The federal government has committed $25 million over five years to funding Indigenous guardian programs.

The news, announced on Wednesday in the federal budget, marks the first time the government has ever financially supported the community-run programs, which work to monitor ancestral territories, enforce Indigenous laws, conduct scientific research and increase cultural knowledge. There are currently about 30 existing Indigenous Guardians programs across Canada.

However, the $25 million commitment represents only five per cent of what was requested by the Indigenous Leadership Initiative, which has been leading the charge to attain federal funding for 1,600 guardians and associated costs.

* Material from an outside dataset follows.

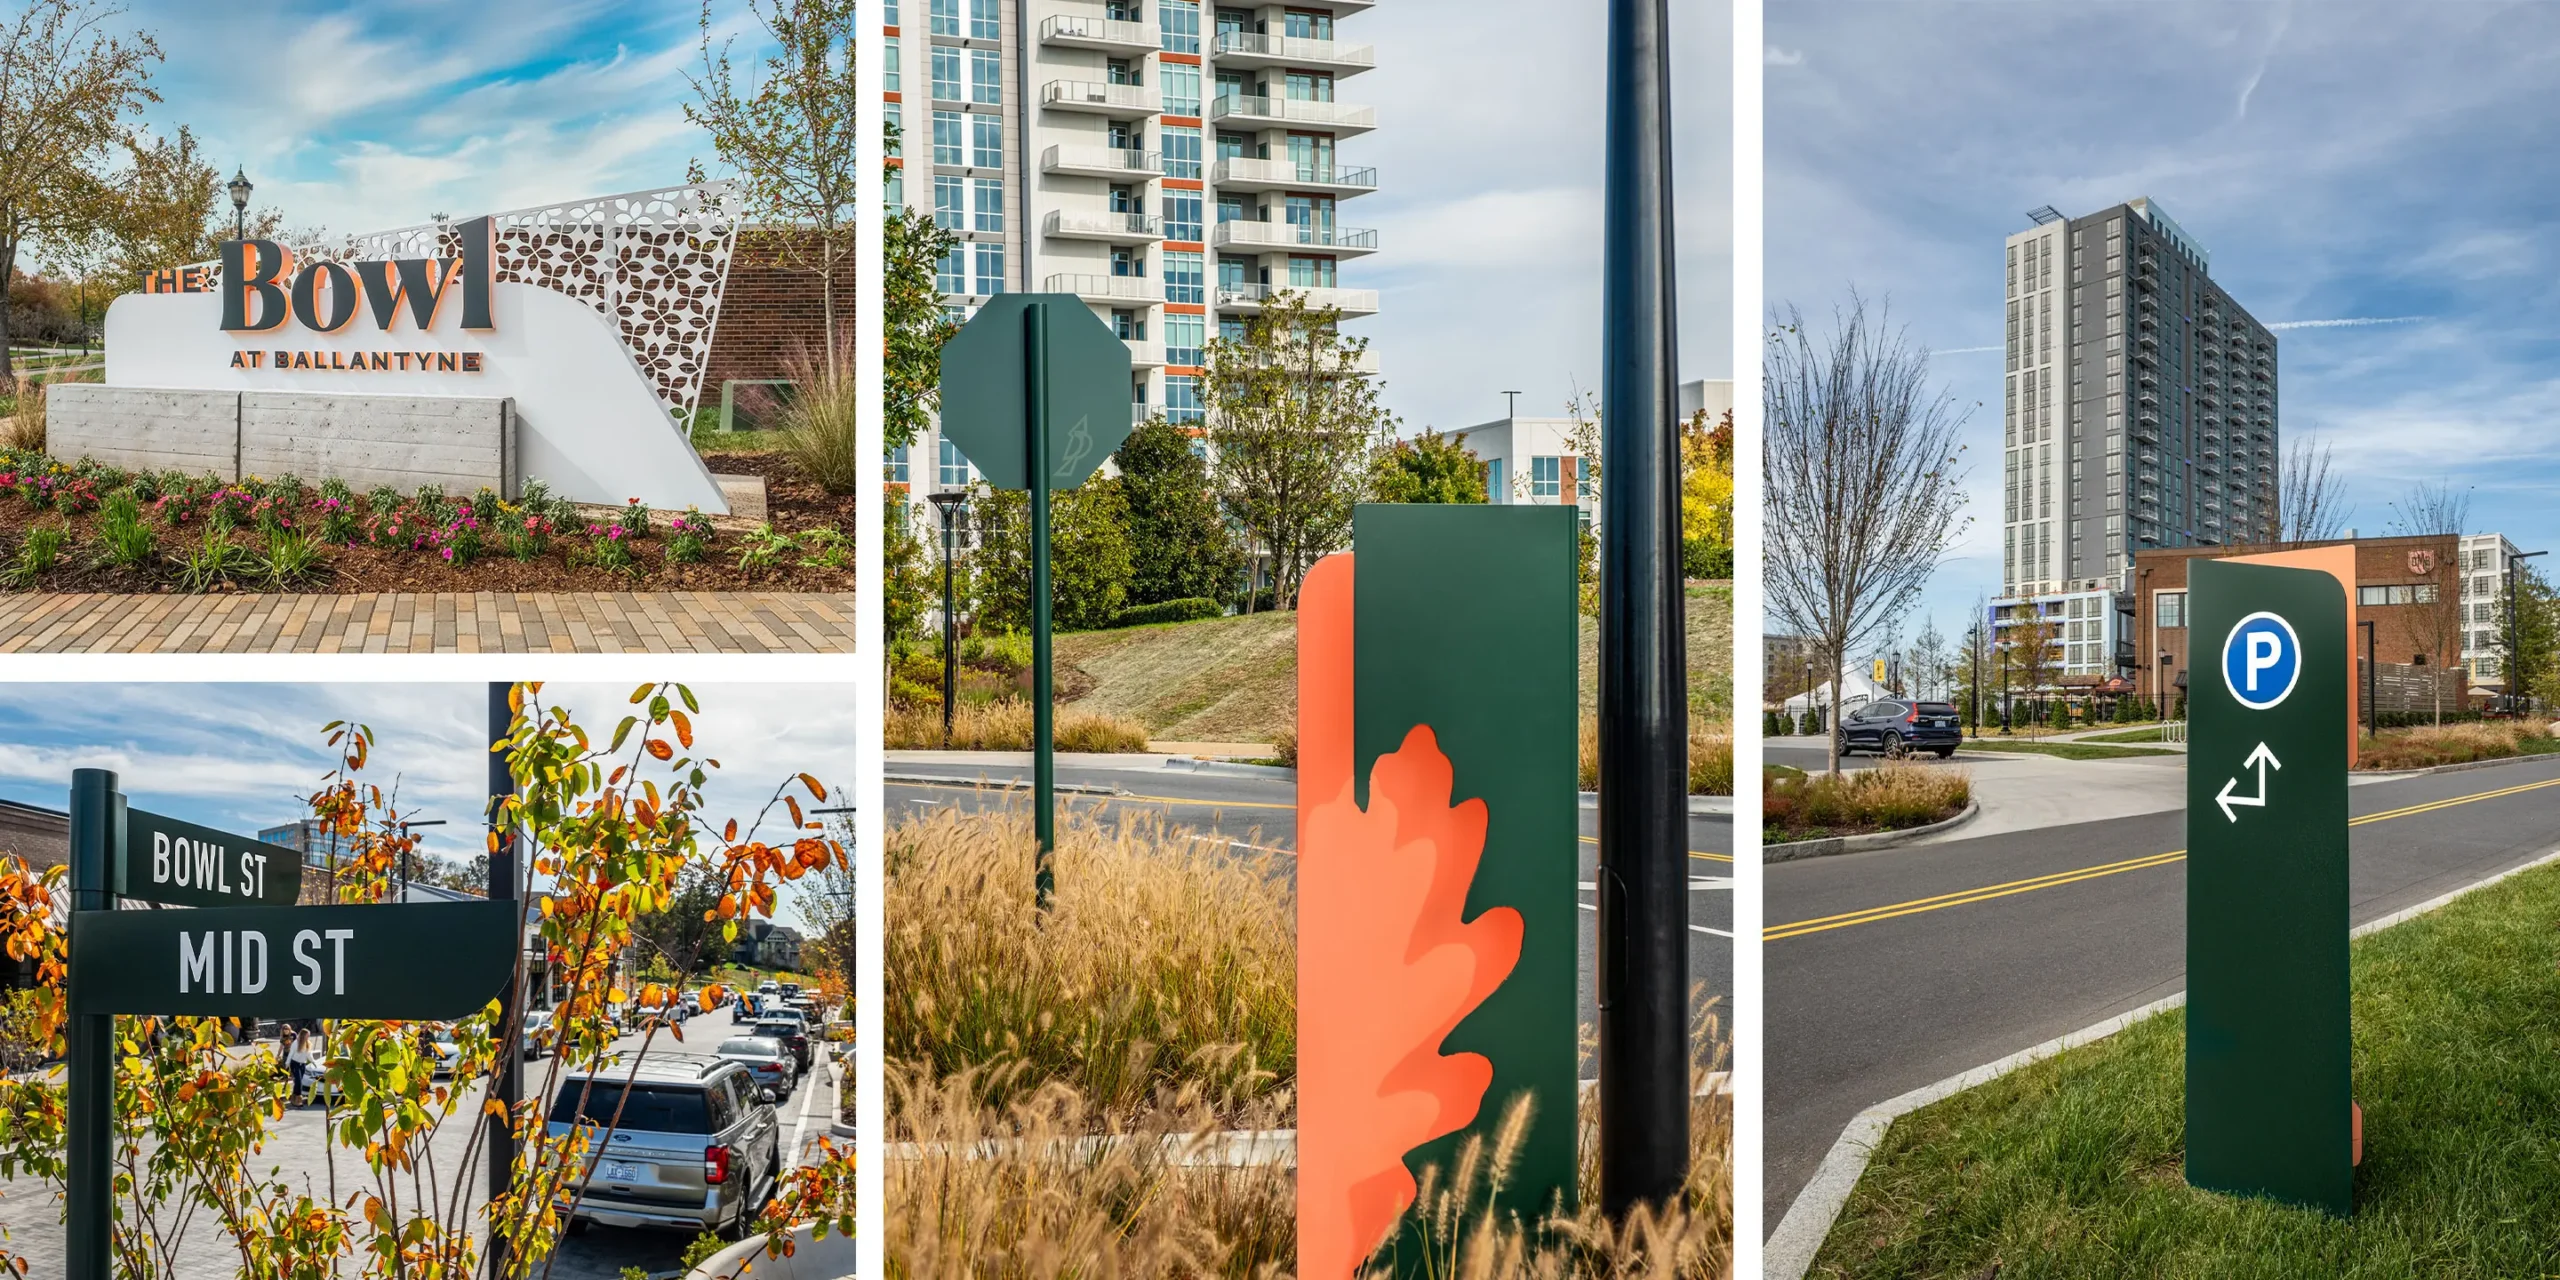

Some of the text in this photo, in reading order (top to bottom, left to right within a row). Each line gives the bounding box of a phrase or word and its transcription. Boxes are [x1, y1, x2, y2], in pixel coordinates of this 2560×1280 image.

“This budget commitment acknowledges the leadership of Indigenous Peoples in determining the future of our lands,”said Ovide Mercredi, a senior advisor with the Indigenous Leadership Initiative.

While the investment will not enable new guardian programs to be established immediately, the seed funding will help develop a national network and prepare indigenous nations and communities to launch their own indigenous guardians programs, according to a press release from the Indigenous Leadership Initiative.

“Indigenous Guardians programs strengthen our communities,” said Valérie Courtois, the director of the Indigenous Leadership Initiative. “They create jobs, lower crime rates and improve public health. But most importantly, they inspire our young people. They connect them to the land and their elders. They give them professional training tied to their language and culture. That offers hope that can combat the despair so many Indigenous youth feel today.”

A recent study of Indigenous Guardians programs in the Northwest Territories found that every dollar invested in the programs generated $2.50 in social, economic and environmental value. Sustained federal funding would increase the value to $3.70.

“A critical driver behind Indigenous communities having authority to manage lands and waters is having active and fulsome on-the-ground programs such as Indigenous guardians: really having the boots on the ground, the eyes and ears there to monitor and protect and manage their lands and territories,” says Claire Hutton, community conservation and leadership advisor at TNC Canada, an affiliate of The Nature Conservancy

Provincial and Federal Enforcement Lacking in Many Regions

Douglas Neasloss, chief councillor of the Kitasoo/Xaixais Nation on British Columbia’s Central Coast, recalls conditions in his nation’s territory some two decades.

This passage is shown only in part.